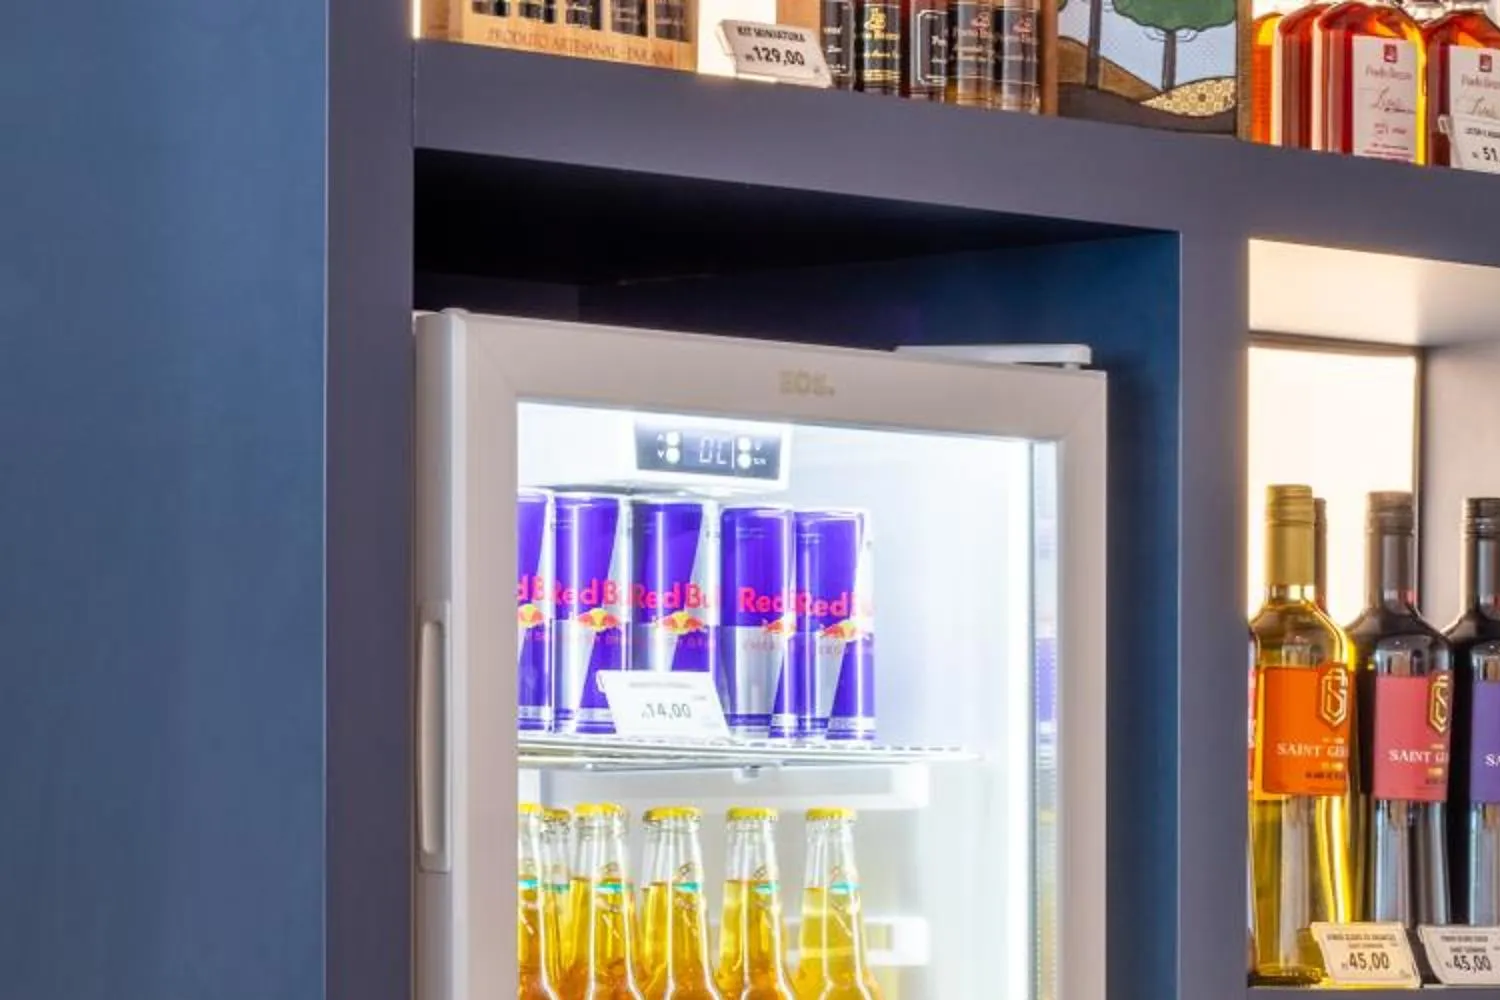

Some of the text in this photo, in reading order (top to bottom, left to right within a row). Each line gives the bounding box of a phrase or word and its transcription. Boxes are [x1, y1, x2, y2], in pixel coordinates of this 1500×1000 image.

[753, 45, 805, 66] 129,00
[1277, 742, 1320, 758] SAINT
[1389, 749, 1432, 763] SAINT
[1349, 952, 1390, 971] 45,00
[1453, 955, 1492, 973] 45,00
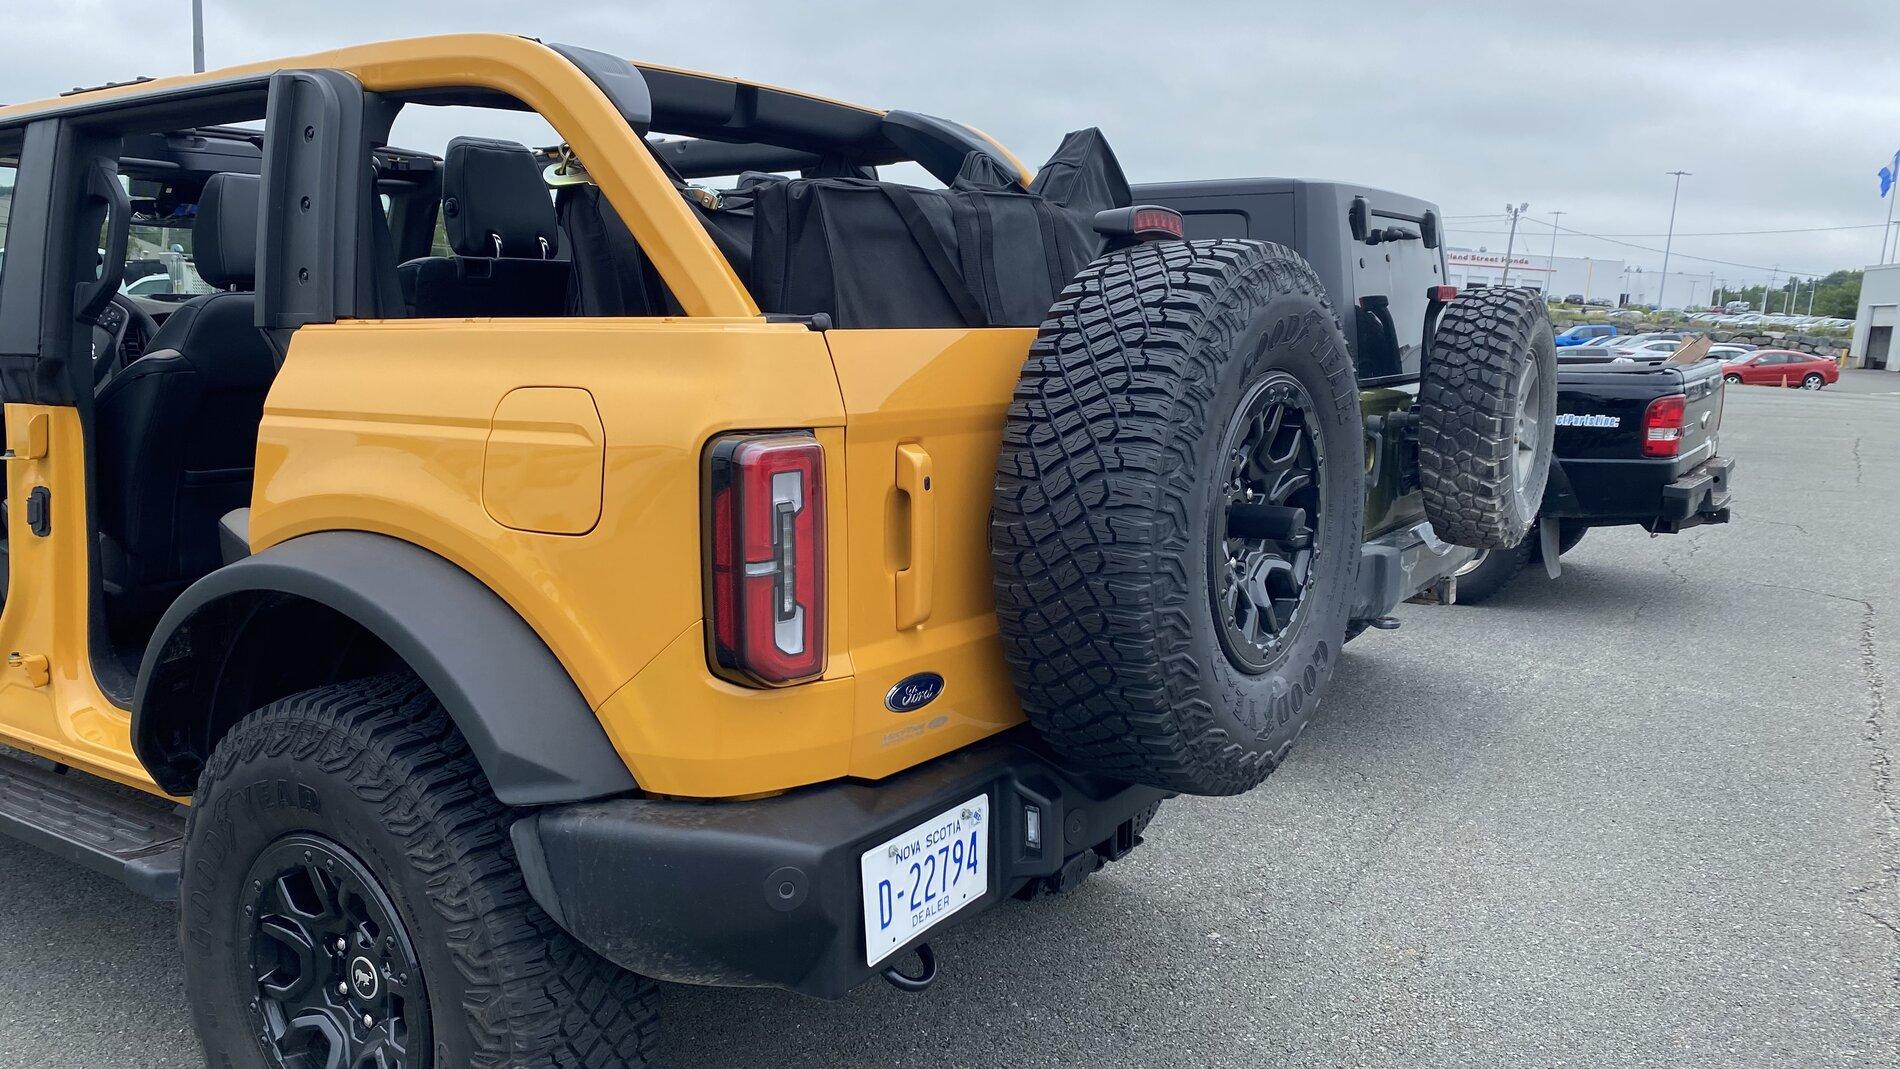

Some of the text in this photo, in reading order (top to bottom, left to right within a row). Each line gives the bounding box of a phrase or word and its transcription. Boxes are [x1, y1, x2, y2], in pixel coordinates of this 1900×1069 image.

[1471, 255, 1499, 263] Street
[1501, 256, 1529, 265] Honda
[1239, 307, 1355, 426] GOODYEAR
[902, 683, 934, 706] Ford
[894, 819, 962, 865] NOVA SCOTIA
[878, 830, 978, 931] D-22794
[912, 895, 950, 928] DEALER

- **Exercise**
In the listing above, find the line containing "this 1900×1069 image." and please quote exactly that line through the last one, and no other lines.

- **Response area**
Some of the text in this photo, in reading order (top to bottom, left to right within a row). Each line gives the bounding box of a phrase or word and its transcription. Boxes are [x1, y1, x2, y2], in pixel coordinates of this 1900×1069 image.

[1471, 255, 1499, 263] Street
[1501, 256, 1529, 265] Honda
[1239, 307, 1355, 426] GOODYEAR
[902, 683, 934, 706] Ford
[894, 819, 962, 865] NOVA SCOTIA
[878, 830, 978, 931] D-22794
[912, 895, 950, 928] DEALER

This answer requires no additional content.